Dimension of AI and its application in various fields


  • The AI has the ability to overcome some of the computationally intensive, intellectual and perhaps creative limitations of humans. Therefore, it opens up new application domains within manufacturing, law, medicine, healthcare, education, government, agriculture, marketing, sales, finance, operations and supply chain management, public service delivery and cyber security.
  • Within the education sector, AI can be deployed to improve teacher effectiveness and student engagement by offering capabilities such as intelligent game-based learning environments, tutoring systems and intelligent narrative technologies.
  • AI can impact education in three ways: AI enabled hyper-personalization helps in developing student-specific learning profile and in developing customized learning environments based on ability, preferred mode of learning and experience.
  • The use of smart assistants (Amazon Alexa, Google Home etc.) and associated technologies offer significant potential to help students.
  • AI systems can assist educators with secondary tasks such as grading activities, providing personalized response to students etc.

AI and Sustainable Development Goals (SDGs)

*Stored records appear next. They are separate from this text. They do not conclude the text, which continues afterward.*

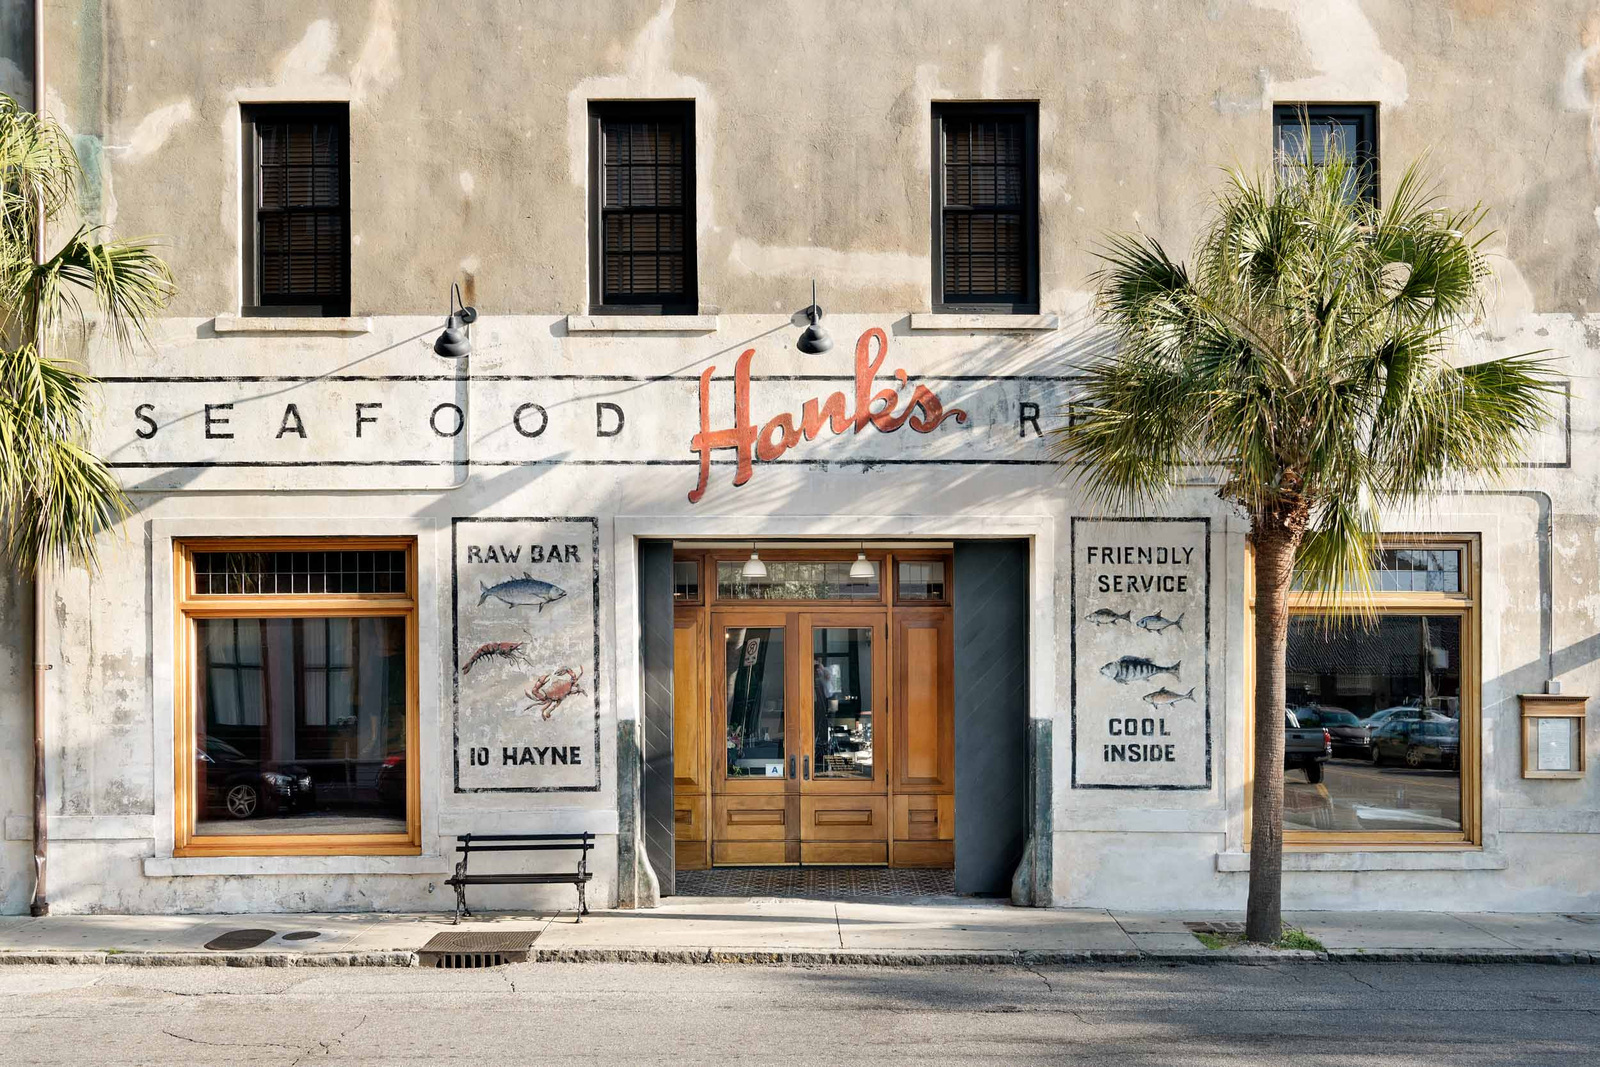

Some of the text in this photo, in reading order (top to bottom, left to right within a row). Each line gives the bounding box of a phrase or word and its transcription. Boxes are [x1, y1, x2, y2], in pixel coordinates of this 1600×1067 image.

[134, 402, 626, 440] SEAFOOD
[687, 327, 967, 504] Hank's
[467, 544, 582, 564] RAW BAR
[1087, 546, 1194, 565] FRIENDLY
[1099, 574, 1188, 593] SERVICE
[1109, 718, 1171, 737] COOL
[470, 746, 582, 766] 10 HAYNE
[1104, 743, 1176, 762] INSIDE
[771, 766, 779, 774] A

  • It can be used within several other sectors for enhancing both efficiency and effectiveness. It can be used to achieve multi-dimensional Sustainable Development Goals by its utilization in an effective manner.

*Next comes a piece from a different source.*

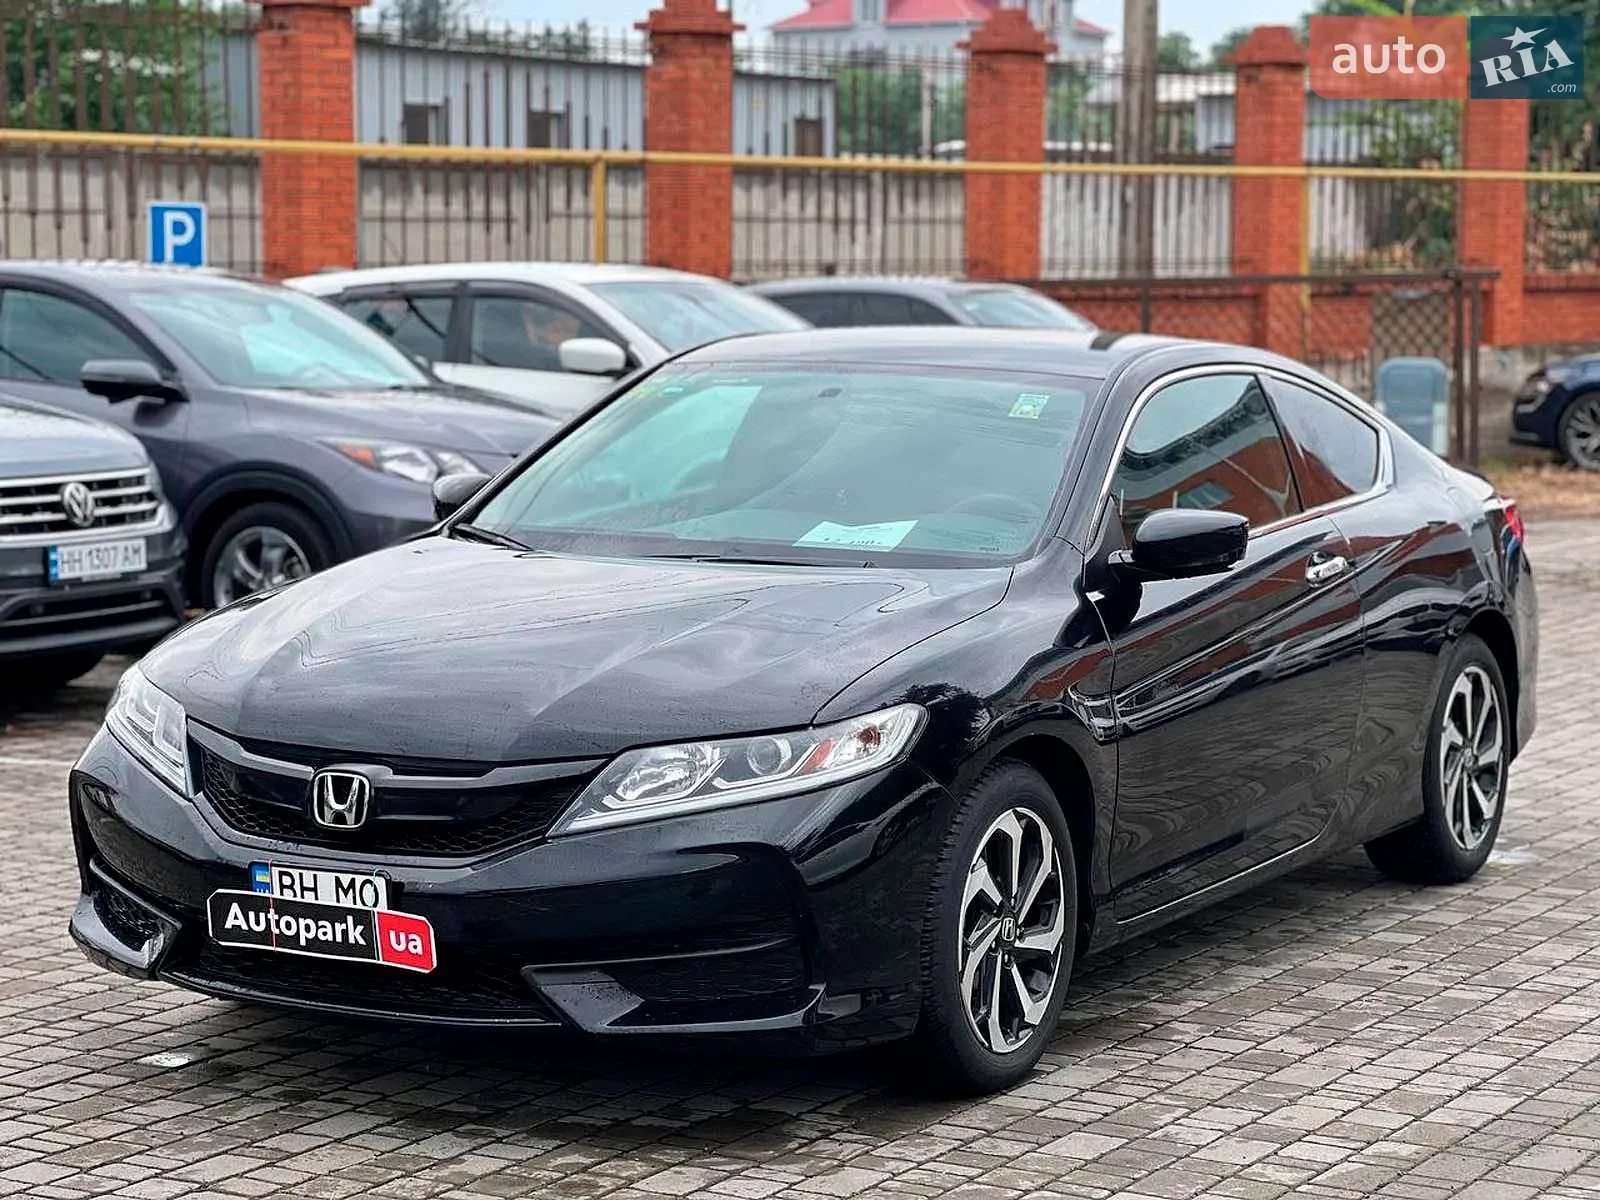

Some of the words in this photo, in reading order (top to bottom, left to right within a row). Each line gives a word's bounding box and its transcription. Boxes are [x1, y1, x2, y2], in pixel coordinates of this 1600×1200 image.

[163, 210, 196, 263] P
[60, 549, 83, 574] HH
[224, 902, 367, 946] Autopark
[389, 929, 424, 956] ua

  • It can be used in achieving good health and wellbeing (SDG 3) in rural and remote areas in developing countries where access to medical care is limited.
  • In this case, AI can be utilized for conducting remote diagnosis supporting doctors to help improve health service delivery.
  • AI-based systems can also ahelp achieve the “Zero Poverty and Zero Hunger” (SDG 2) by assisting in resource allocation for adverse environmental conditions, diagnose crop disease and identify pests in timely manner to mitigate the risk of catastrophic agricultural events.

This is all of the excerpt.